“The stake-driver is at it in his favorite meadow,” he writes in his journal, in 1852. “I followed the sound, and at last got within two rods, it seeming always to recede, and drawing you, like a will-o’-the-wisp, farther away into the meadows. When thus near, I heard some lower sounds at the beginning like striking on a stump or a stake, a dry, hard sound, and then followed the gurgling, pumping notes fit to come from a meadow.

“This was just within the blueberry and other bushes, and when the bird flew up, alarmed, I went to the place, but could see no water, which makes me doubt if water is necessary to it in making the sound. Perhaps it thrusts its bill so deep as to reach water where it is dry on the surface.”

This notion that water is employed in the production of the bittern’s notes has been generally entertained. The notes themselves are of a character to suggest such an hypothesis, and at least one witness has borne circumstantial testimony to its truth. In Thoreau’s essay on the “Natural History of Massachusetts,” he says:—

“On one occasion, the bird has been seen by one of my neighbors to thrust its bill into the water, and suck up as much as it could hold; then, raising its head, it pumped it out again with four or five heaves of the neck, throwing it two or three feet, and making the sound each time.”
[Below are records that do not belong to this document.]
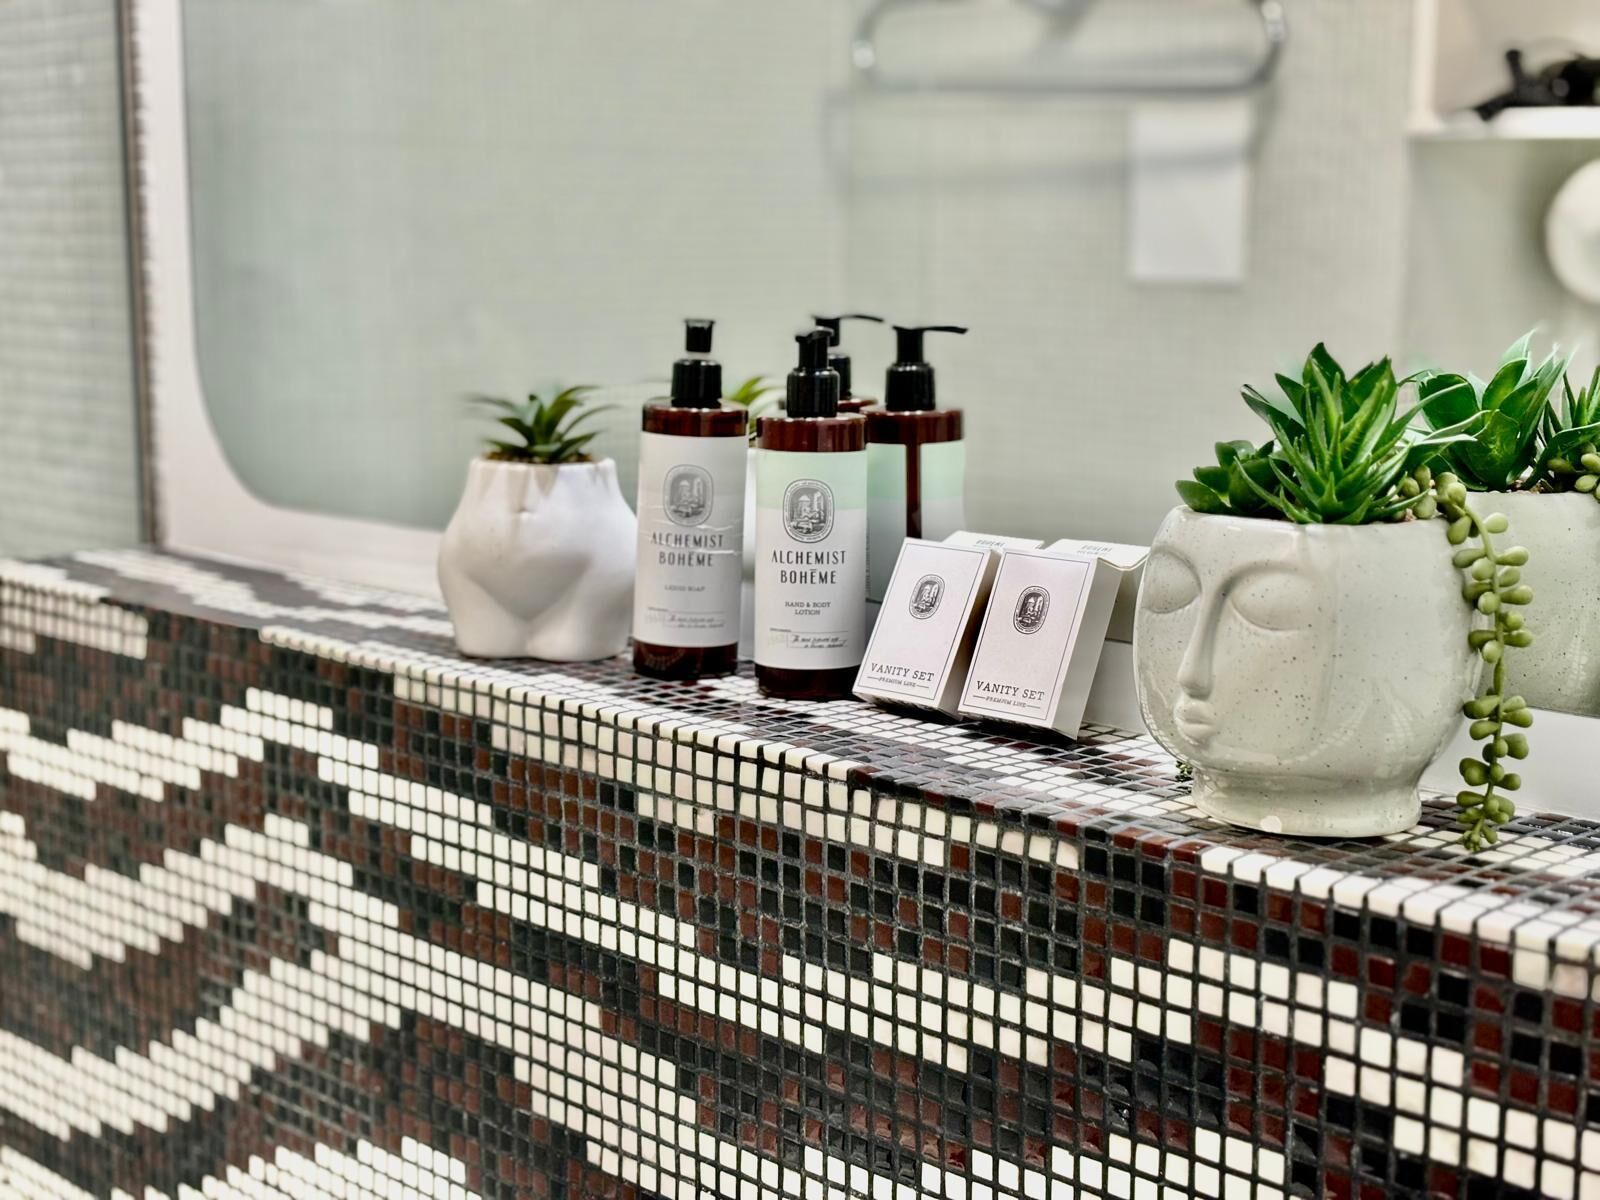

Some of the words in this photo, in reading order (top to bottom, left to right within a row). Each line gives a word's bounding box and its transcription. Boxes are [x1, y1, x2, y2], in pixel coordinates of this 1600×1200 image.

[651, 531, 724, 548] ALCHEMIST
[771, 550, 846, 565] ALCHEMIST
[871, 662, 910, 677] VANITY
[912, 670, 935, 682] SET
[977, 680, 1019, 697] VANITY
[1022, 689, 1045, 701] SET
[985, 696, 1012, 705] PREMIUM
Similar statements have been made as to the corresponding notes of the European bittern. None of our systematic writers upon American ornithology have ever witnessed the performance, as far as appears, and being too honest to draw upon their imaginations, they have left the matter a mystery. Now, on this auspicious May afternoon, if we learned nothing else, we could at all events make quite sure whether or not the bittern did really spout water from his beak.
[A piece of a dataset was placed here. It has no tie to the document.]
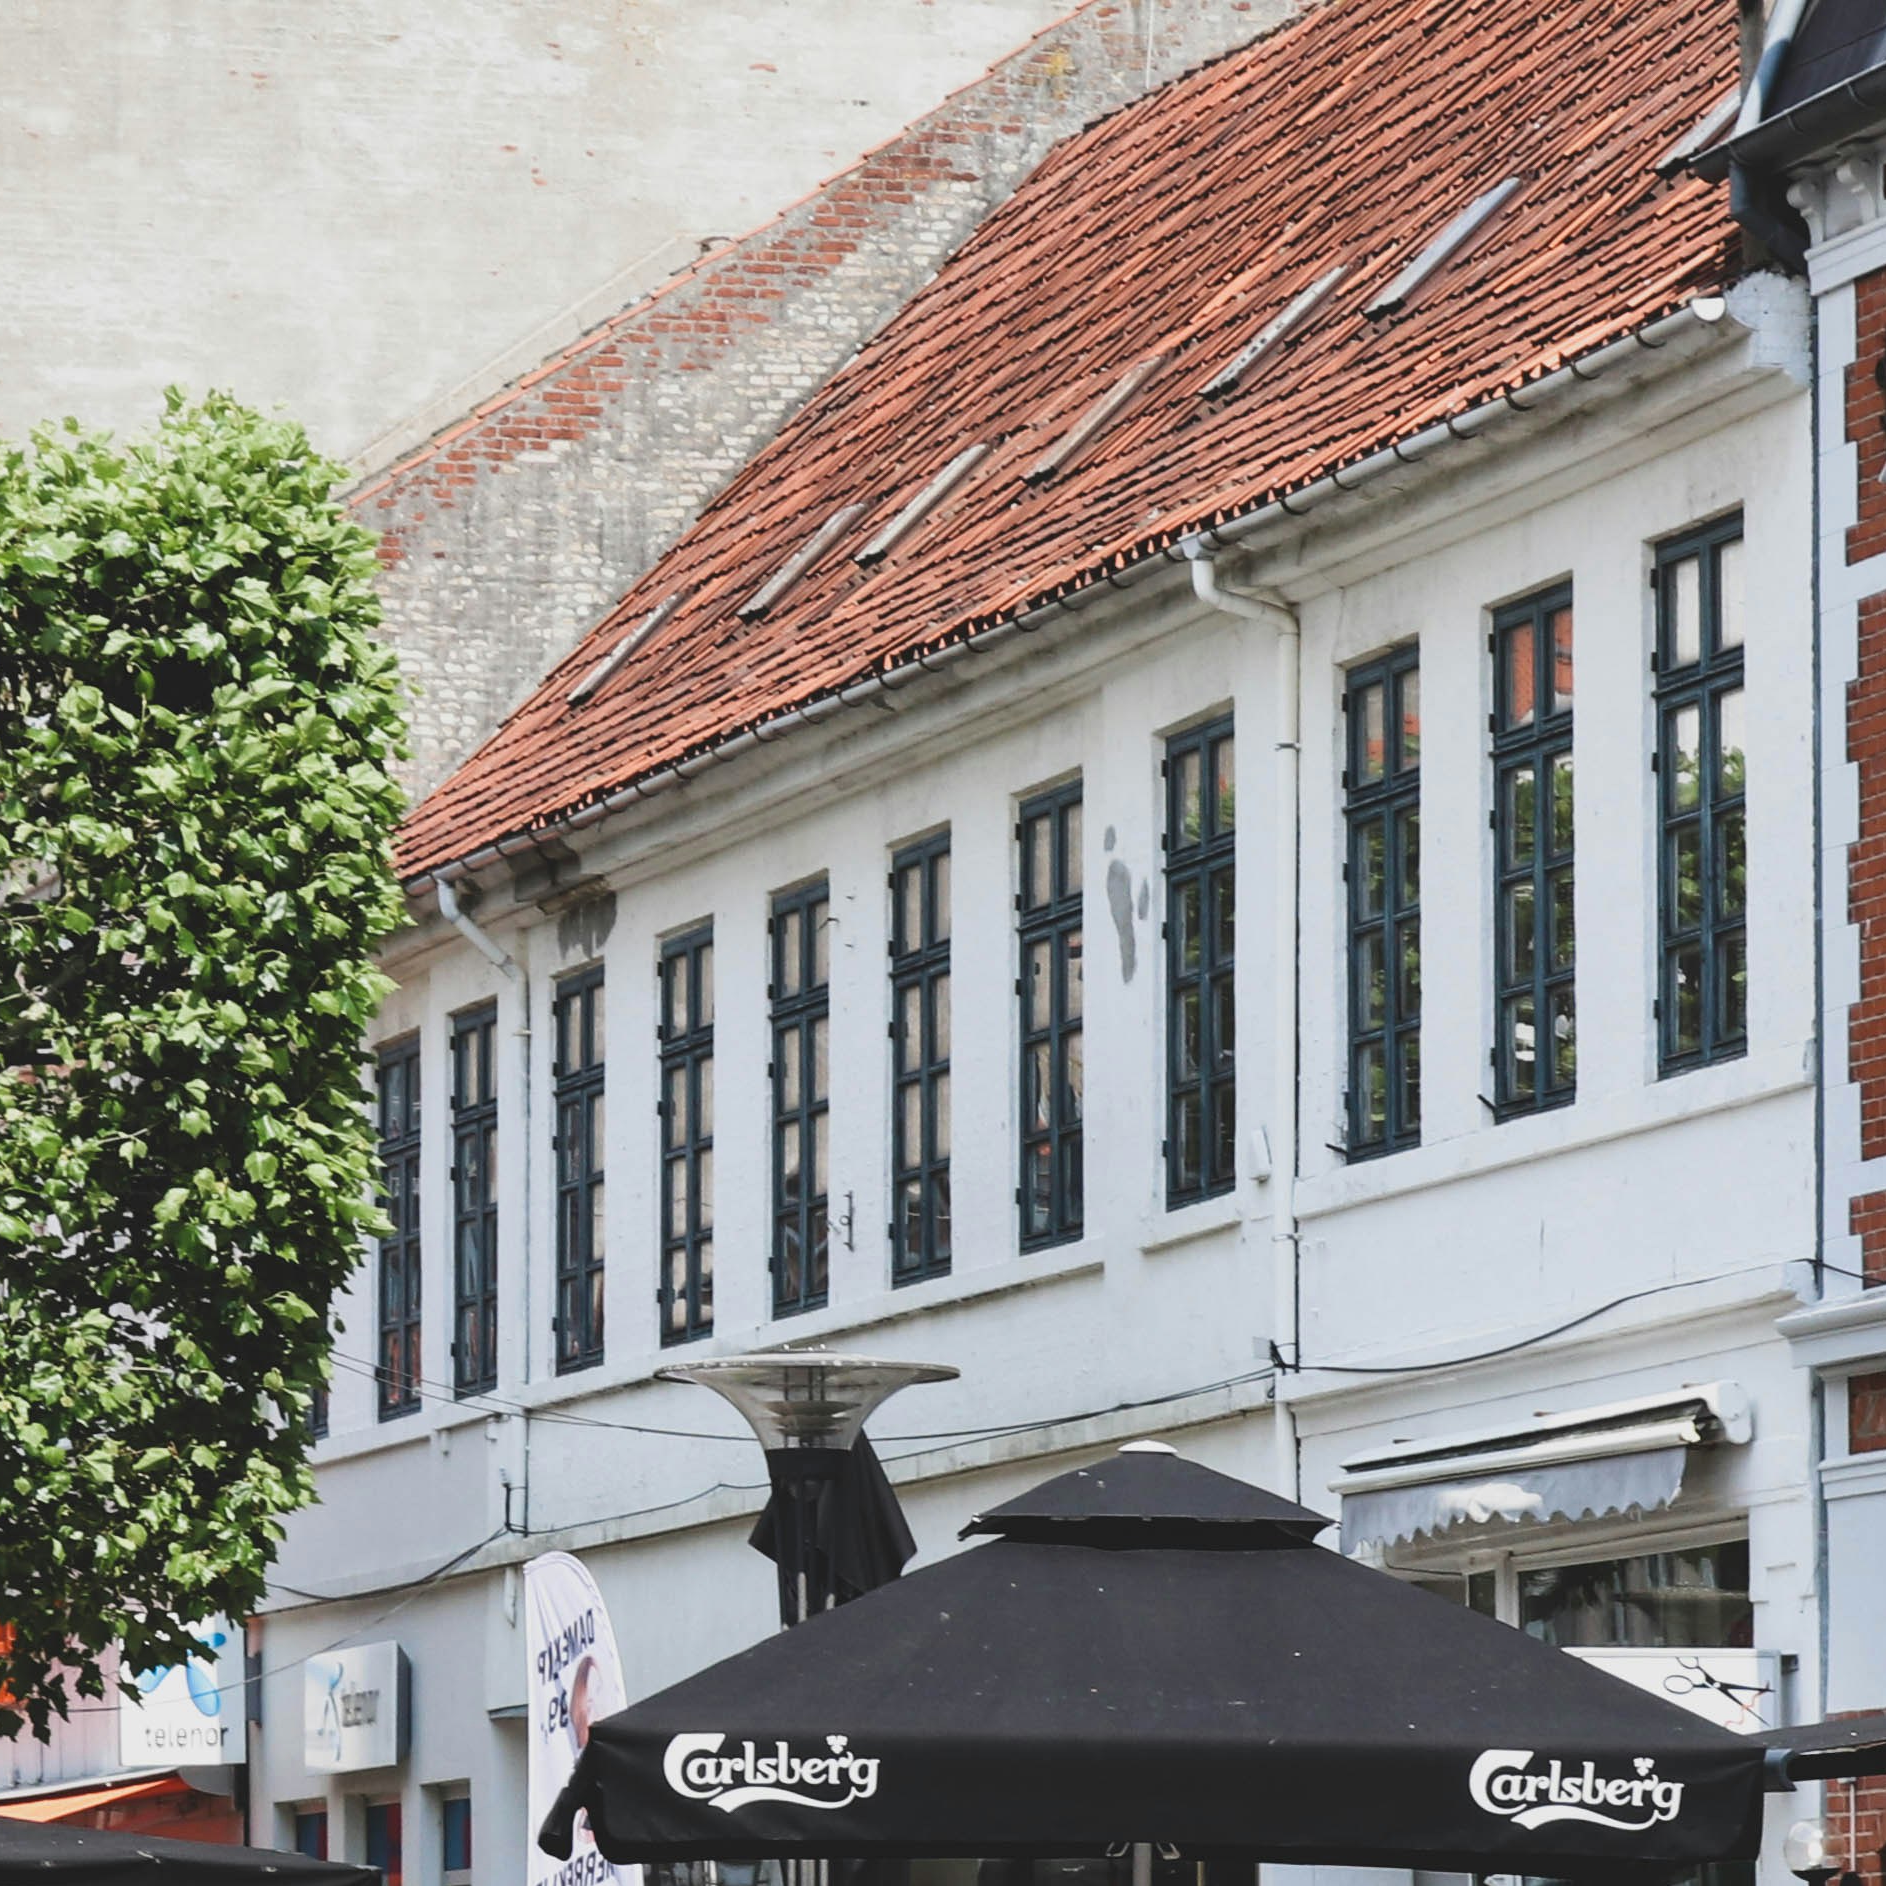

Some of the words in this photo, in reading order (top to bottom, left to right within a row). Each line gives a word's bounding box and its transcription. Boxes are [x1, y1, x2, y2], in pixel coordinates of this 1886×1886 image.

[144, 1723, 229, 1750] telenor
[662, 1732, 880, 1801] Carlsberg
[1468, 1748, 1685, 1822] Carlsberg
My readers will have guessed already that our bird, at least, did nothing of the sort. His bill was never within reach of water. The operation is a queer one, hard to describe.

The bittern has been standing motionless, perhaps in the humpbacked attitude in which the artists, following Audubon’s plate, have commonly represented him; or quite as likely, he has been making a stick or a soldier of himself, standing bolt upright at full stretch, his long neck and bill pointed straight at the zenith.
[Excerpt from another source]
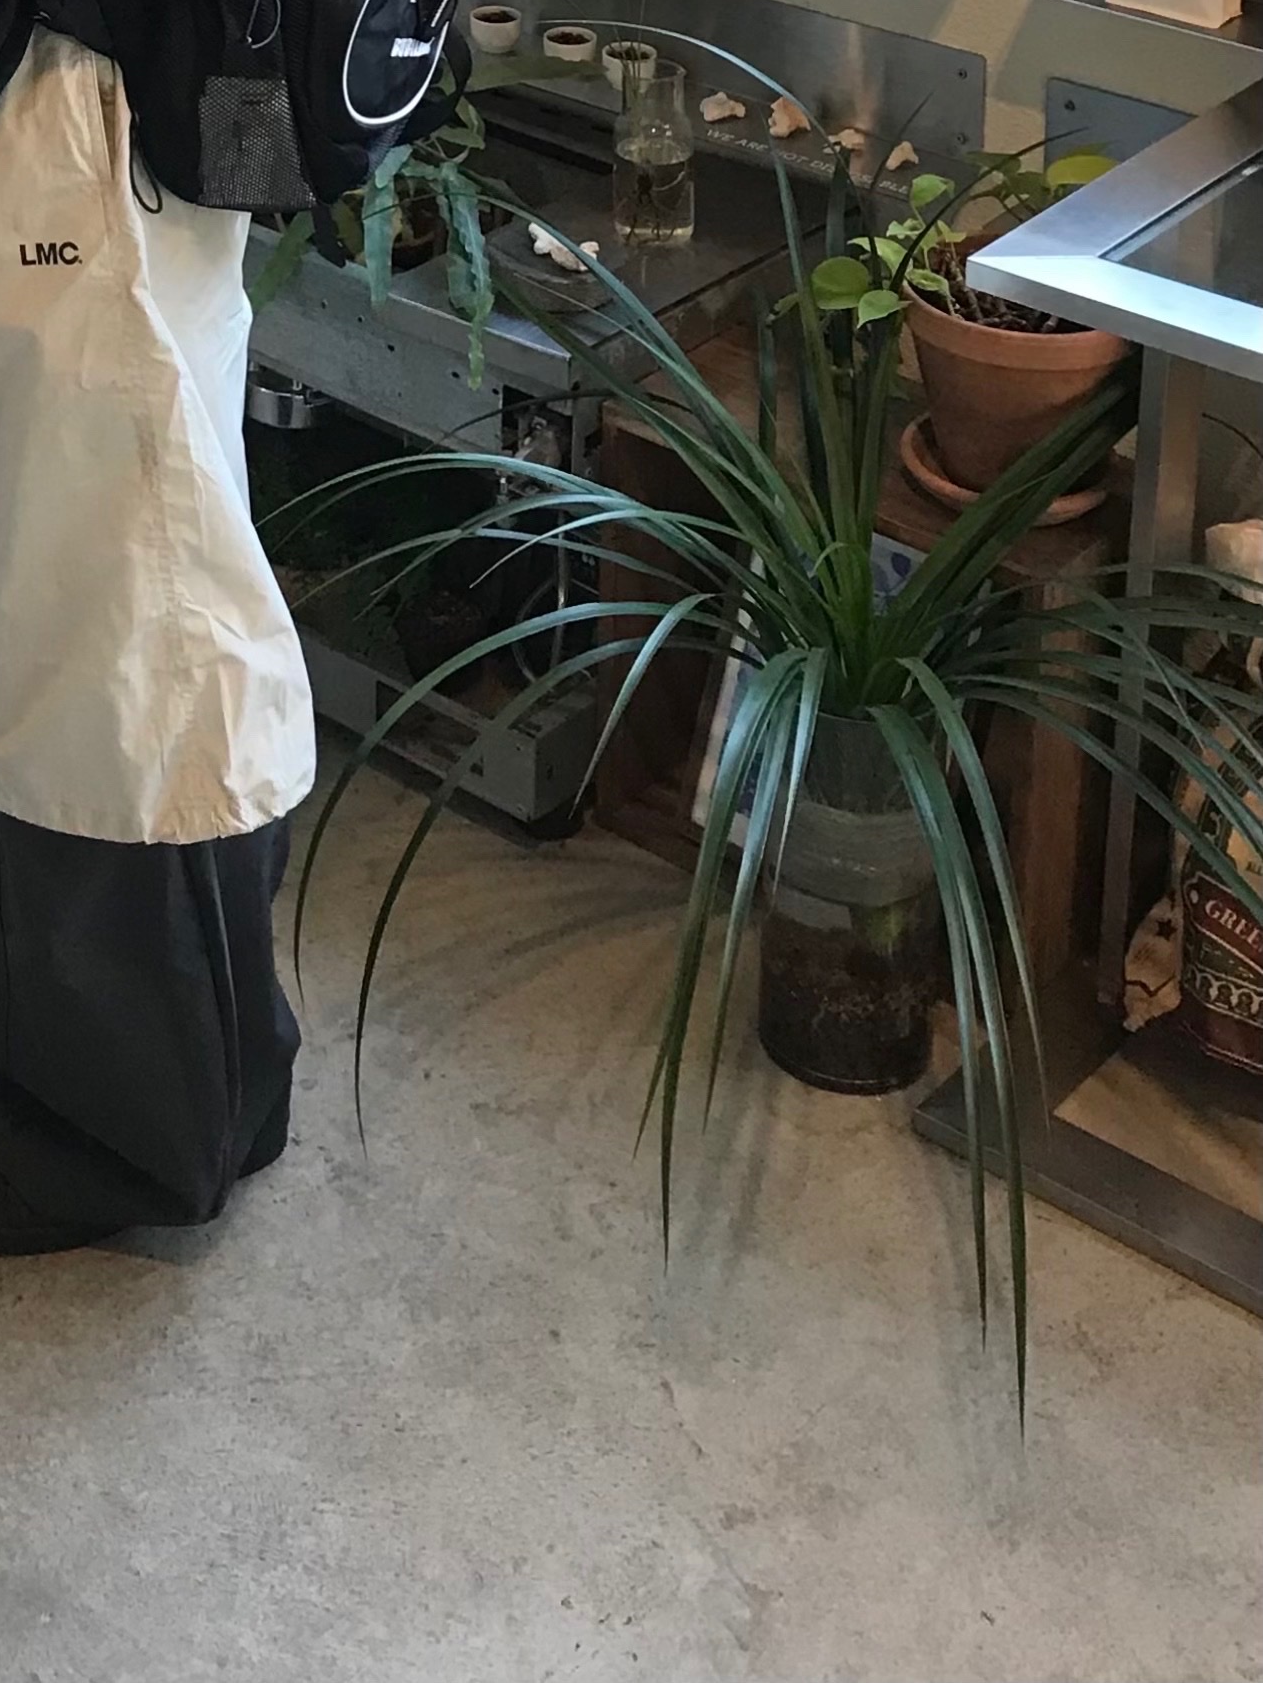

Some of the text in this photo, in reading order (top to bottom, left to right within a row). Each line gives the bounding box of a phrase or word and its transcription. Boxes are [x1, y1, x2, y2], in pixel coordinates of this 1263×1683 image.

[706, 129, 736, 142] WE
[735, 138, 769, 152] ARE
[1204, 899, 1263, 953] GREE
Suddenly he lowers his head, and instantly raises it again and throws it forward with a quick, convulsive jerk. This movement is attended by an opening and shutting of the bill, which in turn is accompanied by a sound which has been well compared to a violent hiccough. The hiccough—with which, I think, the click of the big mandibles may sometimes be heard—is repeated a few times, each time a little louder than before; and then succeed the real pumping or stake-driving noises.

These are in sets of three syllables each, of which the first syllable is the longest, and somewhat separated from the others. The accent is strongly upon the middle syllable, and the whole, as oftenest heard, is an exact reproduction of the sound of a wooden pump, as I have already said, the voice having that peculiar hollow quality which is produced, not by the flow of the water, but by the suction of the air in the tube when the pump begins to work.

But the looker-on is likely to be quite as much impressed by what he sees as by what he hears. During the whole performance, but especially during the latter part of it, the bird is engaged in the most violent contortions, suggestive of nothing but a patient suffering from uncontrollable nausea. Moreover, as soon as the preliminary hiccoughs begin, the lower throat or breast is seen to be swelling; the dilatation grows larger and larger till the pumping is well under way, and so far as my companion and I could detect, does not subside in the least until the noises have ceased altogether.